Bitcoin Return graphs


  • Diminishing Returns: Each cycle’s return, from the trough and previous peak, generally diminishes over time. The staggering 11,400% return from 2011 through to the 2013 peak drops to more moderate figures in later cycles.
  • Peak-to-Peak Growth: The return from one peak to the next also shows a trend of diminishing magnitude, highlighting the decreasing explosive growth that characterized Bitcoin’s early years.

These trends visually illustrate that while historical bull cycles have been impressive, the magnitude of returns is decreasing, suggesting that future cycles might not provide similarly spectacular gains. This should be obvious given that total global capital is finite, and therefore, liquidity would need to empty out of other assets to spill into BTC. Small blocker maximalists believe this is inevitable, but I posit that it is a very unreasonable prediction.

BSV’s proactive scaling strategy

BSV proposes a different path with its long-term proactive scaling strategy, which involves much more than increasing the block size to accommodate more transactions.

The BSV approach aims to replace block rewards with transaction fees as the primary incentive for miners without creating pressure on consumers with high transaction fees. Despite a dramatic decrease in hash rate post-halving, proponents argue that the increased transaction volume and lower fees could sustain miner incentives and network security in an upward trajectory with a nearly incalculable ceiling. This model could potentially offer a more sustainable form of revenue as block rewards dwindle, but it also requires a much higher level of transaction adoption to be viable.

These same issues challenge BCH, but BSV has been investing heavily in technology like TeranodeLiteClient, and overlay network tools, which are designed to break out Bitcoin’s basic functions into modular pieces to allow unprecedented levels of scale, SPV and client services built in a truly layered stack like the internet.
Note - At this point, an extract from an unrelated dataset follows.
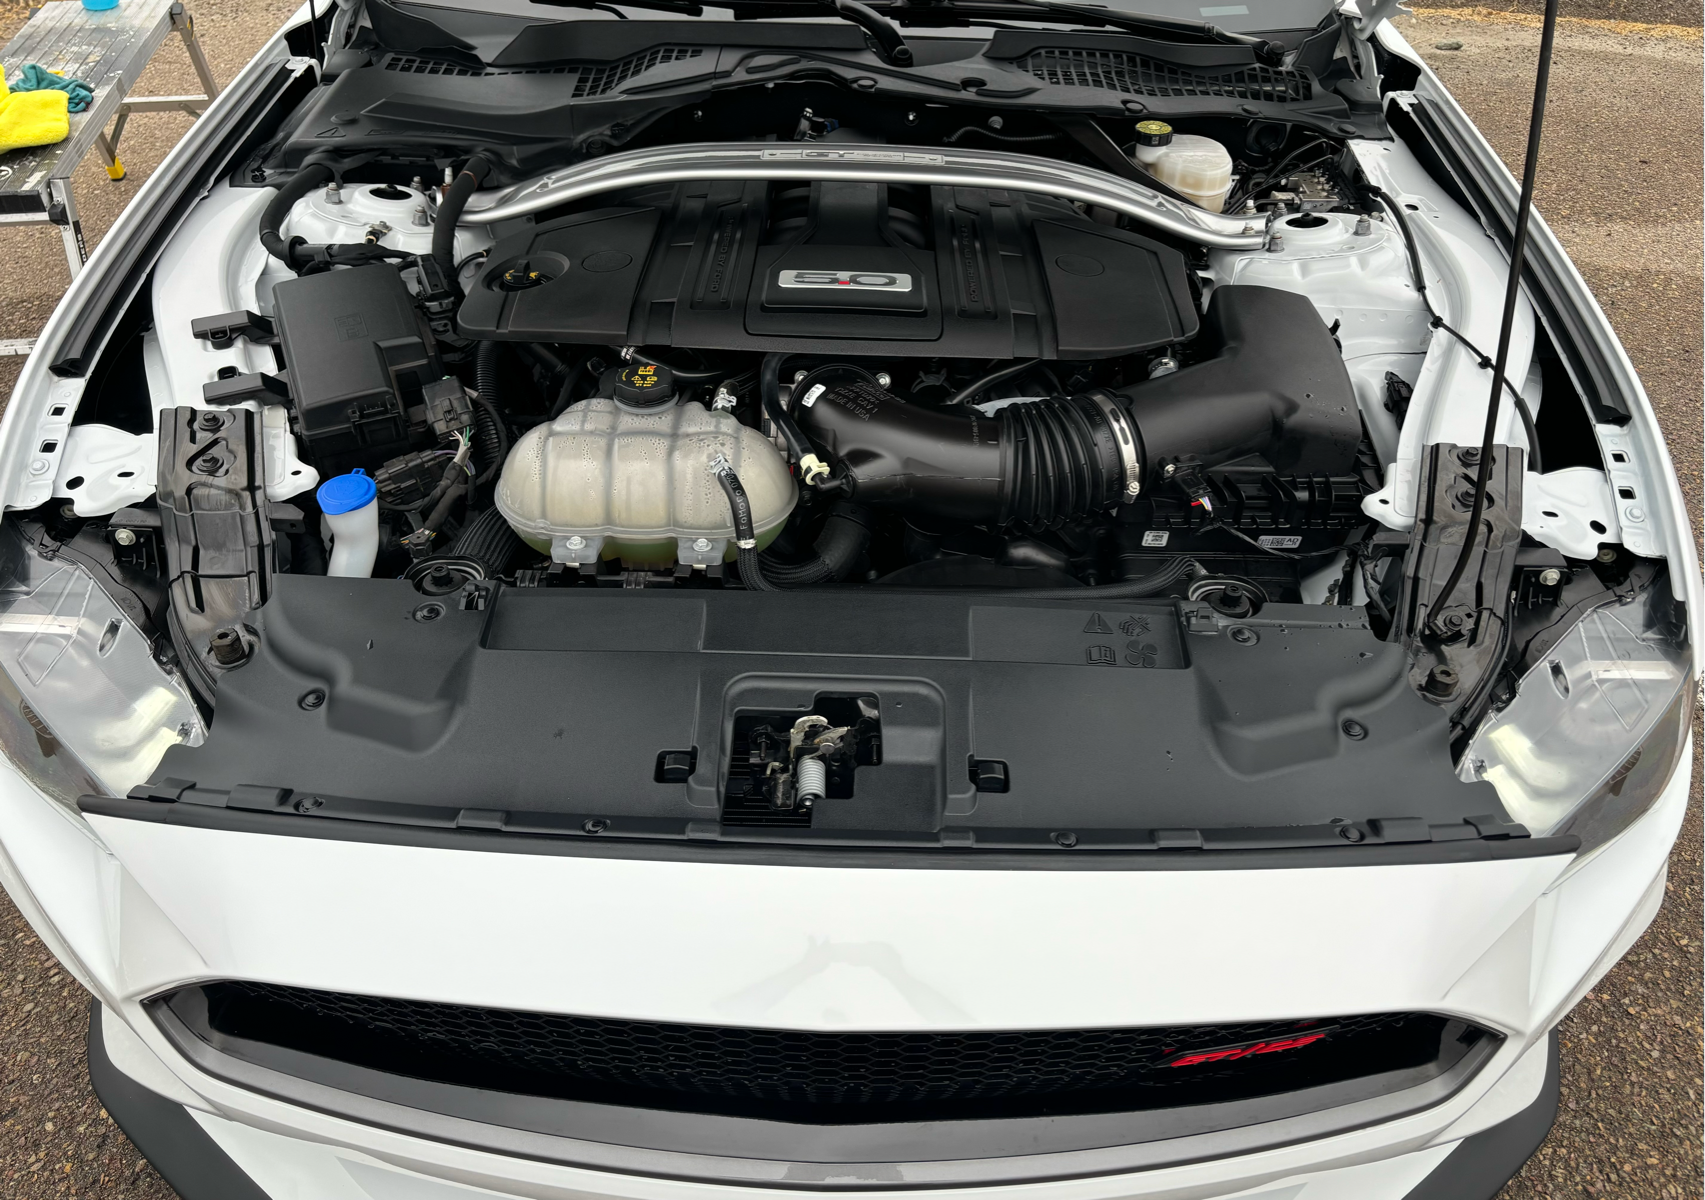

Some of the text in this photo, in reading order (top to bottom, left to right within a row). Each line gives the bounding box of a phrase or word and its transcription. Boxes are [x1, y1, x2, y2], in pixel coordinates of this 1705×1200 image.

BSV-focused entrepreneurs have also been preparing their businesses and clientele for such a future by engaging in mainnet stress tests, on-chain tournaments that generate lots of transactions, and many attempts at breaking world records for on-chain activity by testing client software on the network.

In a future where BSV is the global plumbing for commerce, the price of the base BSV asset can remain considerably less than that of BTC while pushing huge amounts of volume to pay nodes to process transactions. Furthermore, BSV nodes such as GorillaPool
and Taal have invented tools that allow users to leverage the data that already exists on chain so that the whole business model isn’t based on a constant flow of new transactions. Still, the value of stored data can be sold and resold into the economy via API or some other means of conveyance.
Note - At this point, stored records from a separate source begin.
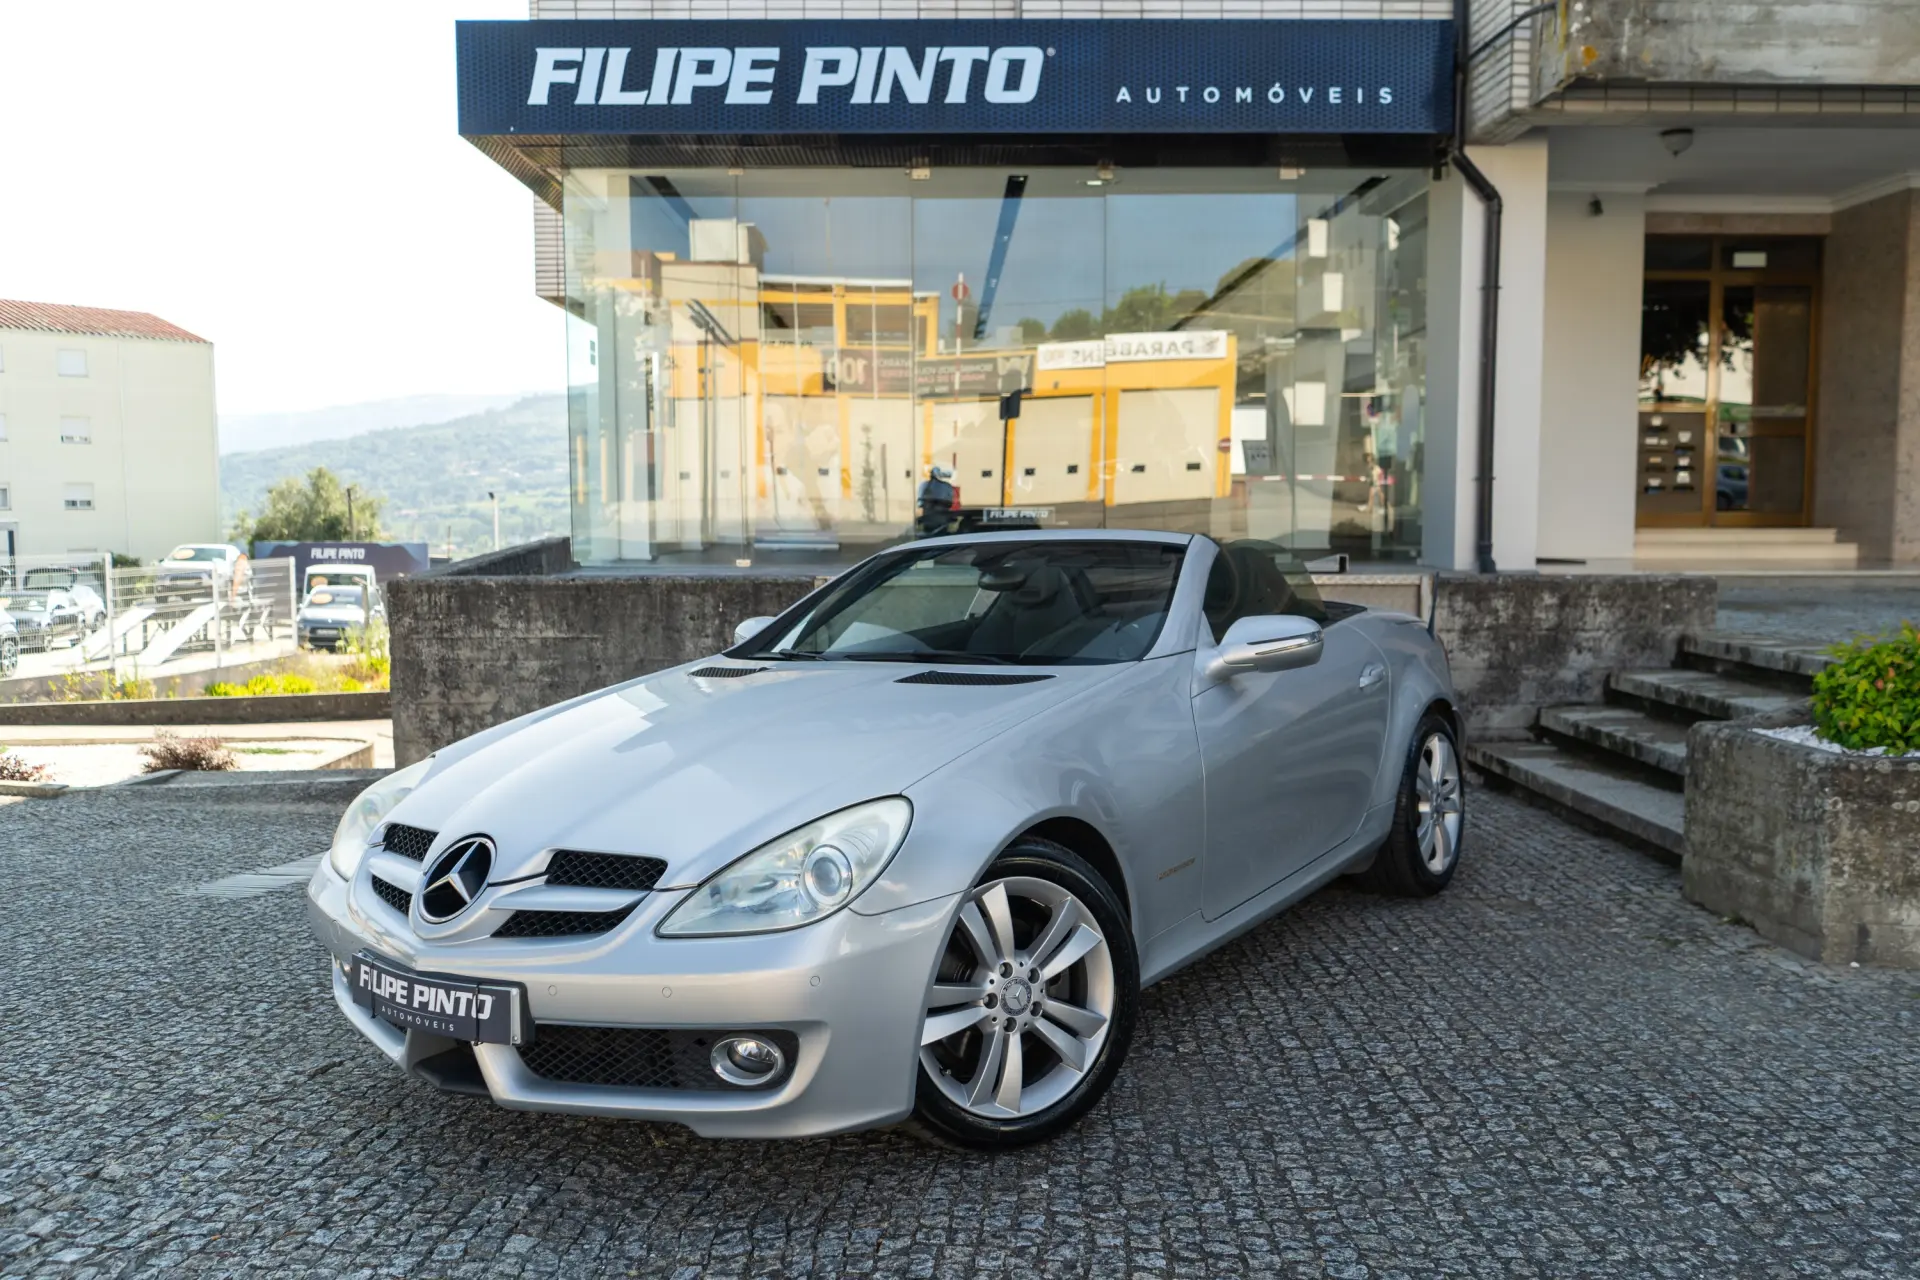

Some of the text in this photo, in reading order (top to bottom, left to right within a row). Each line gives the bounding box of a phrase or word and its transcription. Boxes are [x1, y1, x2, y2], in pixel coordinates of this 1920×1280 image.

[527, 46, 1044, 106] FILIPE PINTO
[1115, 82, 1393, 104] AUTOMÓVEIS
[311, 548, 365, 559] FILIPE PINTO
[359, 964, 494, 1020] FILIPE PINTO
[381, 1005, 454, 1032] AUTOMÓVEIS
To be clear, I think BSV is undervalued, but the value proposition isn’t just “number go up.” It is also about growing the total pie so that everyone can build recursive, powerful businesses using the technology.
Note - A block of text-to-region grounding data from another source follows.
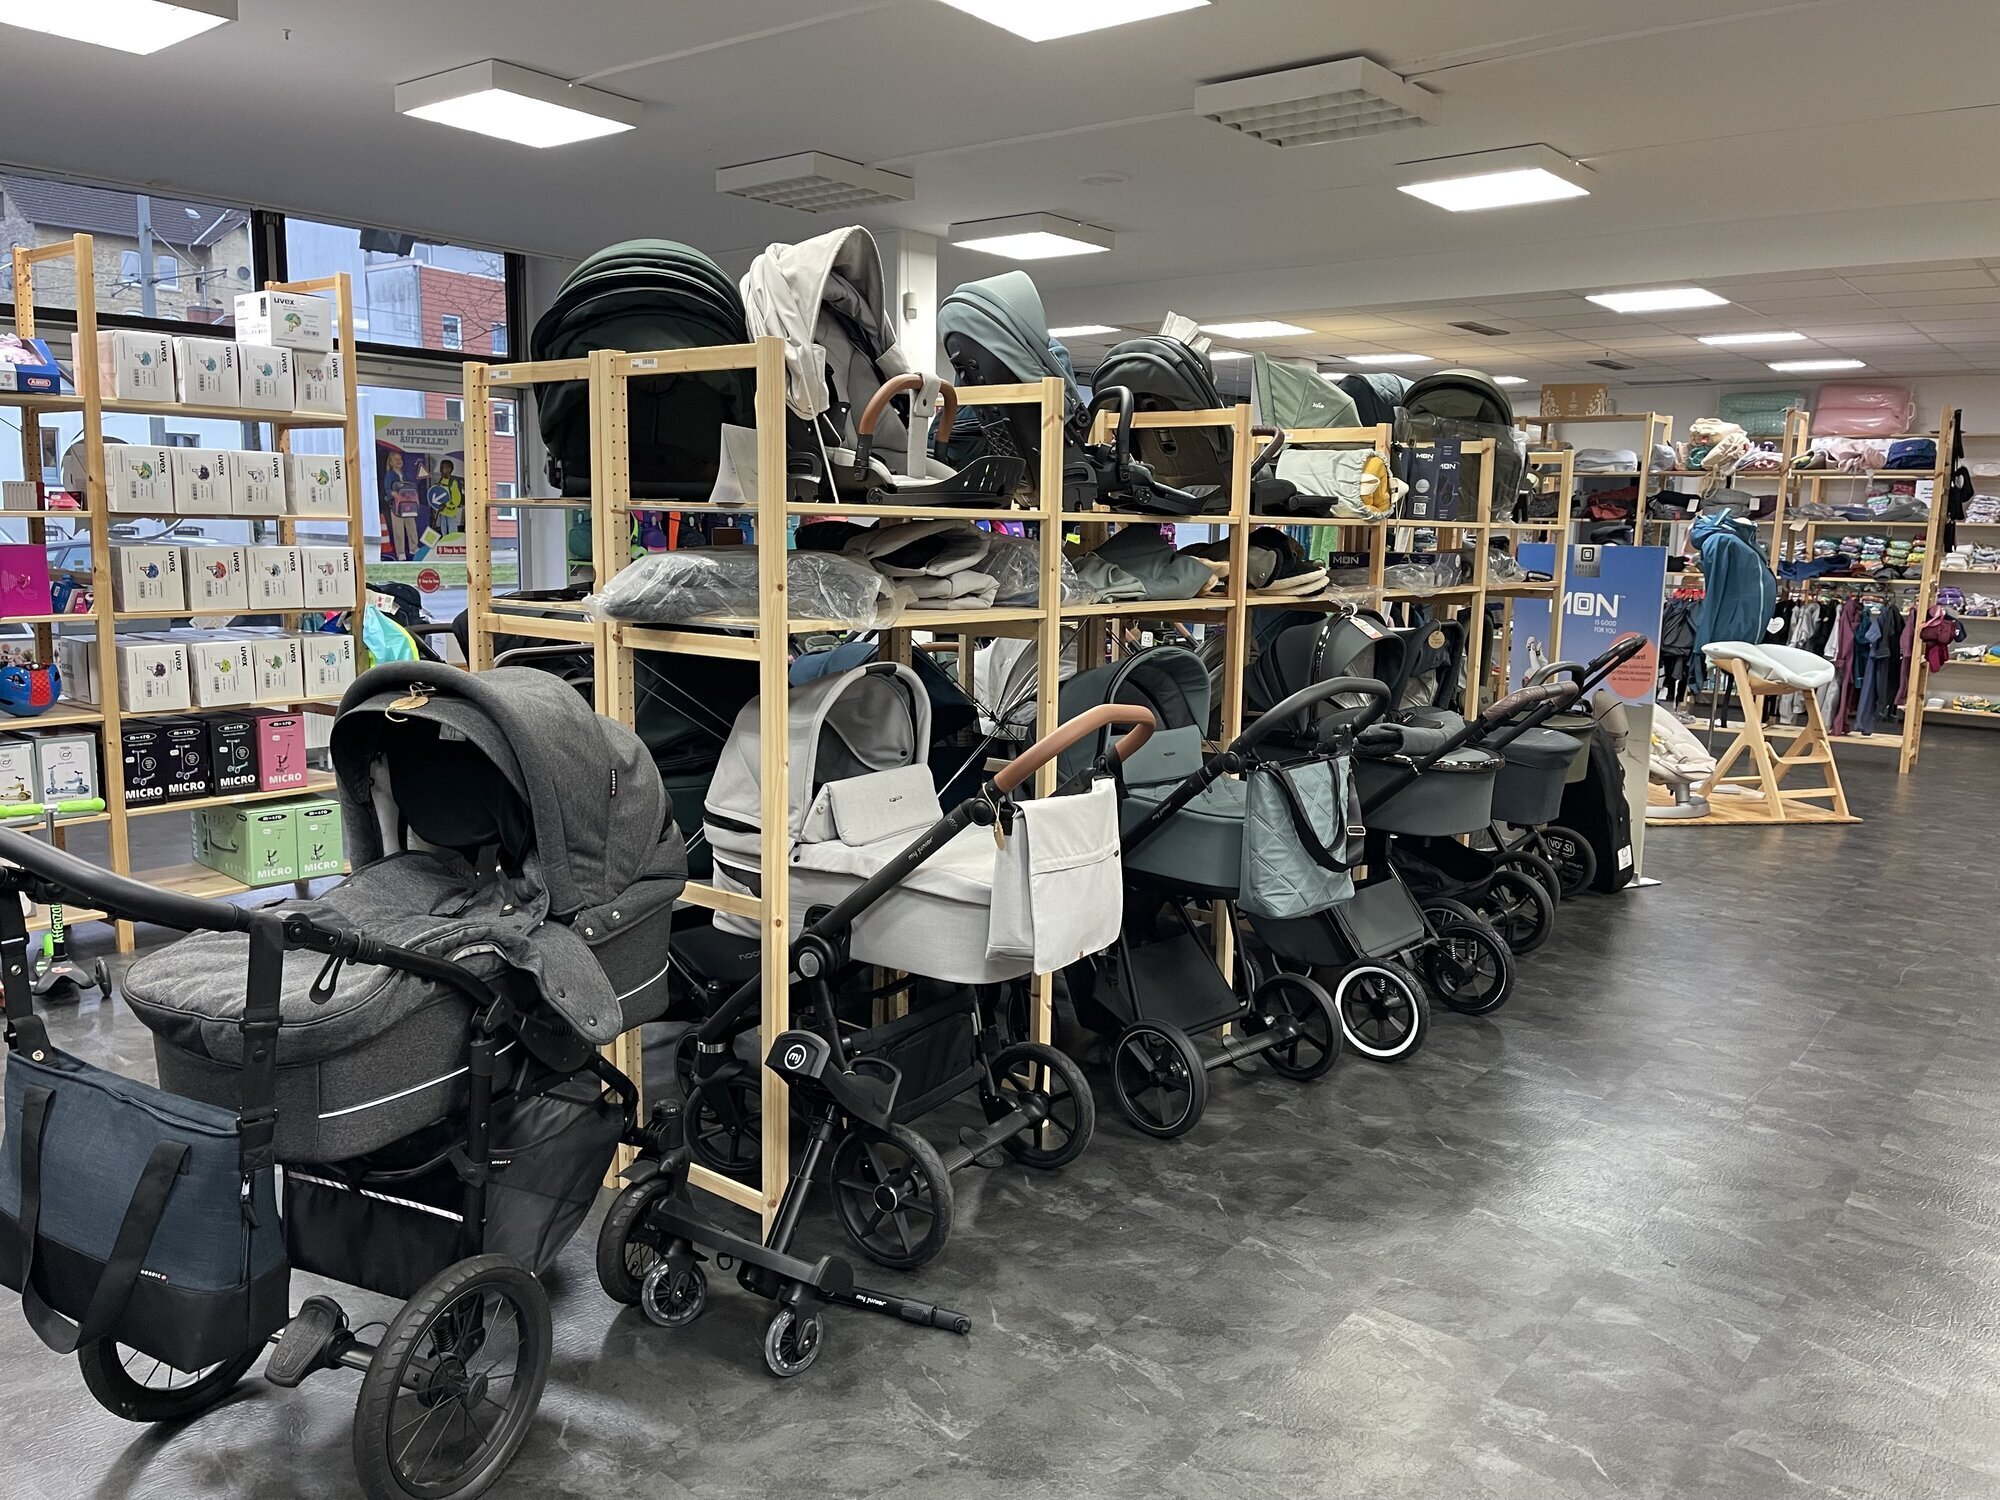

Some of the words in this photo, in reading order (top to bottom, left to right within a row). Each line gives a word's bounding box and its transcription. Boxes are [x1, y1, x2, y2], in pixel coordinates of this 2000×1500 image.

[220, 774, 256, 786] MICRO
[269, 773, 302, 784] MICRO
[126, 787, 163, 799] MICRO
[168, 781, 205, 793] MICRO
[908, 851, 918, 860] my
[917, 836, 933, 854] junior
[304, 860, 338, 872] MICRO
[257, 866, 292, 879] MICRO
[866, 1298, 887, 1306] junior
The future of Bitcoin’s security

As the landscape of SHA256 Bitcoin variants evolves, the reliance on transaction fees is set to become a cornerstone of network economics. BSV’s strategy to maintain robust network security through large blocks and low transaction fees is ambitious. It presents an alternative to the traditional block reward system, which may become increasingly untenable as rewards continue to decrease and price appreciation is blunted by simple economics. The effectiveness of this approach in preserving network integrity without the significant miner incentives provided by block rewards remains to be seen and will likely be a critical factor in its success or failure.

I’m betting on a future where Bitcoin is fully realized, and owning a piece of its infrastructure is extremely valuable.


The various strategies to navigate the reduction in block rewards highlight a broader challenge in the blockchain world. While BTC continues to hold its ground, BCH and especially BSV explore more radical changes to sustain their networks. BSV’s ambitious scaling plan places it in a unique position to potentially redefine the economic model of the world. As the industry moves forward, the importance of innovative and adaptable solutions will be crucial in securing the future of these digital assets.